───── Excerpted data
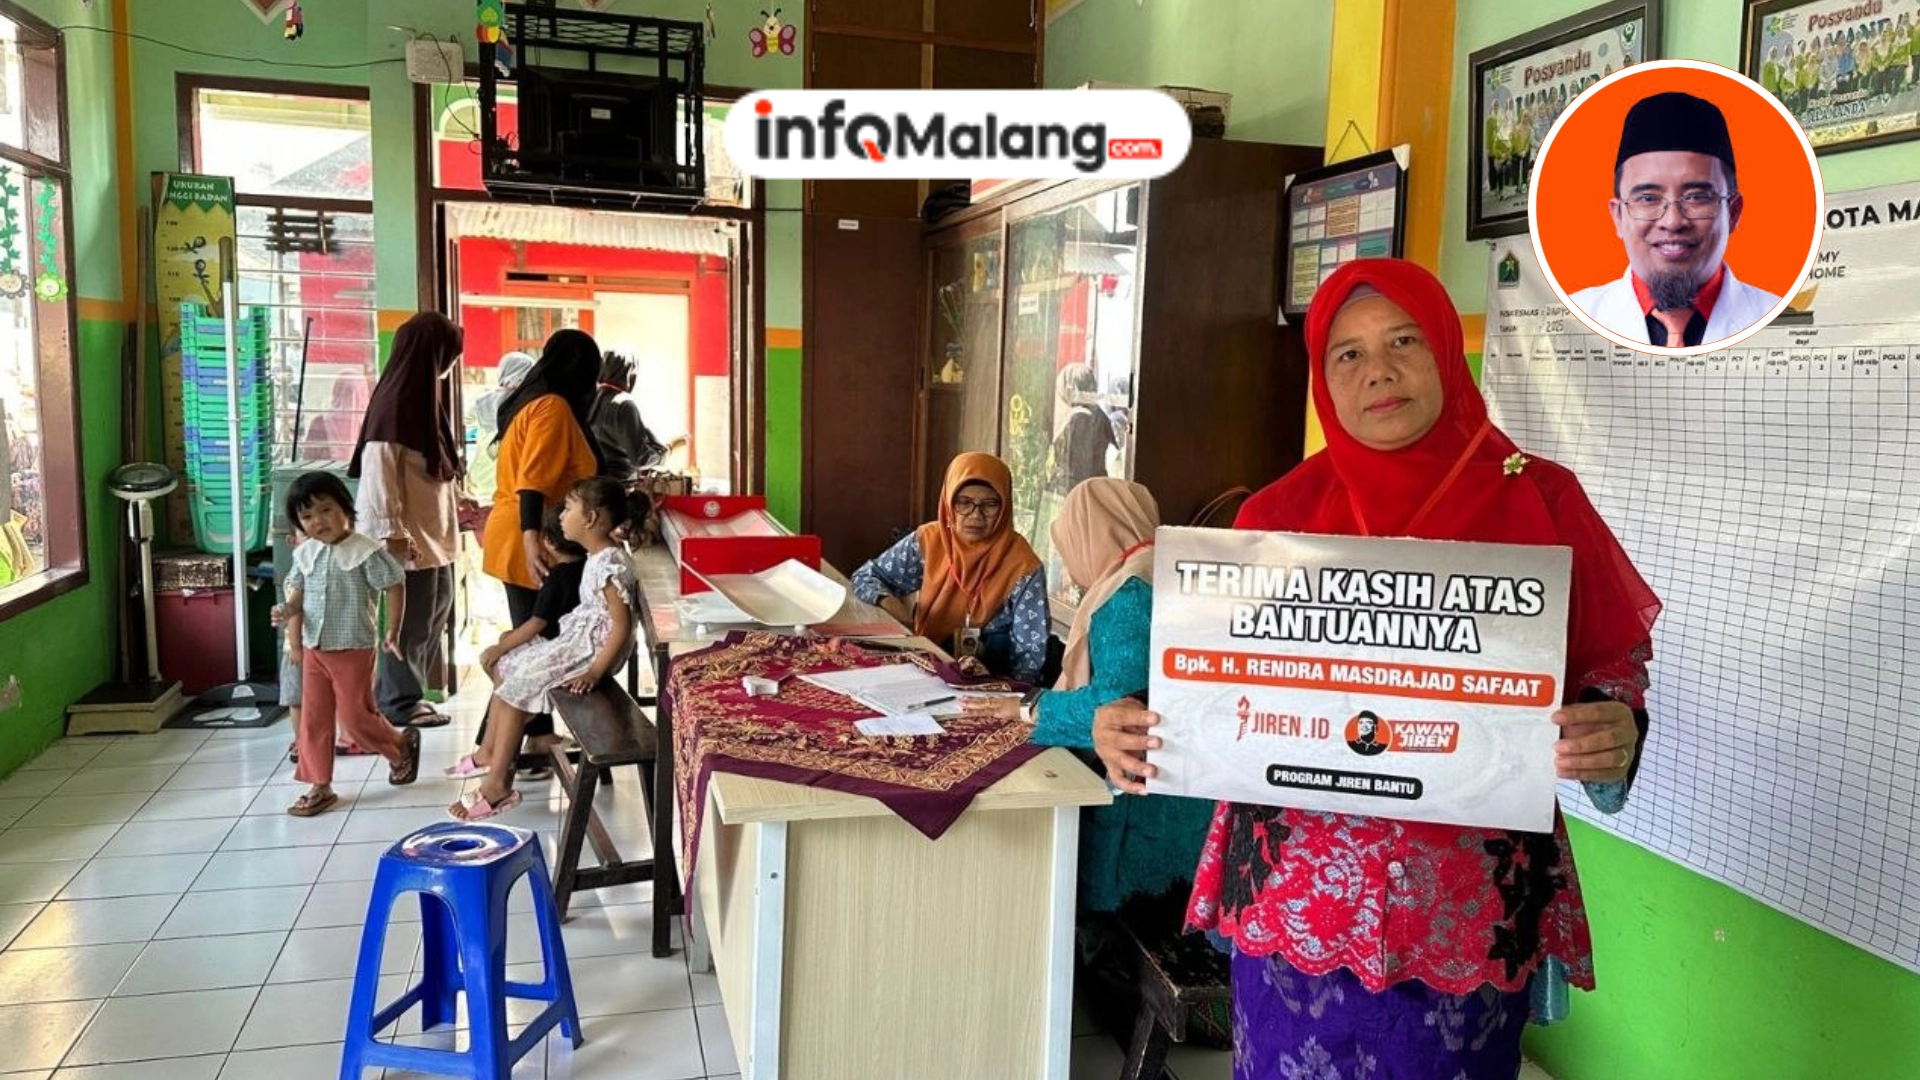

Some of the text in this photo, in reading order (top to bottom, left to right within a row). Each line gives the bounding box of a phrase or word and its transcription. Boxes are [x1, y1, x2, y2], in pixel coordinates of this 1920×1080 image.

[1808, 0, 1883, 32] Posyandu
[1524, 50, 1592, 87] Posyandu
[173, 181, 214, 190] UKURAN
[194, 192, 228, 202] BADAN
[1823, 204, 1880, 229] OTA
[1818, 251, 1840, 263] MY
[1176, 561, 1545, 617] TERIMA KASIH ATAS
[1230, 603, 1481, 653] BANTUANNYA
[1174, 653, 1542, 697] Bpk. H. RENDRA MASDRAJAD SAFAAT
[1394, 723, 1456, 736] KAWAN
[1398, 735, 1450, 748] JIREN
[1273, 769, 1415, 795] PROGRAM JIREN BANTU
──────────
**Activity:** All of the records above are to be copied exactly, minus the pictures.

**Answer section:**
Some of the text in this photo, in reading order (top to bottom, left to right within a row). Each line gives the bounding box of a phrase or word and its transcription. Boxes are [x1, y1, x2, y2], in pixel coordinates of this 1920×1080 image.

[1808, 0, 1883, 32] Posyandu
[1524, 50, 1592, 87] Posyandu
[173, 181, 214, 190] UKURAN
[194, 192, 228, 202] BADAN
[1823, 204, 1880, 229] OTA
[1818, 251, 1840, 263] MY
[1176, 561, 1545, 617] TERIMA KASIH ATAS
[1230, 603, 1481, 653] BANTUANNYA
[1174, 653, 1542, 697] Bpk. H. RENDRA MASDRAJAD SAFAAT
[1394, 723, 1456, 736] KAWAN
[1398, 735, 1450, 748] JIREN
[1273, 769, 1415, 795] PROGRAM JIREN BANTU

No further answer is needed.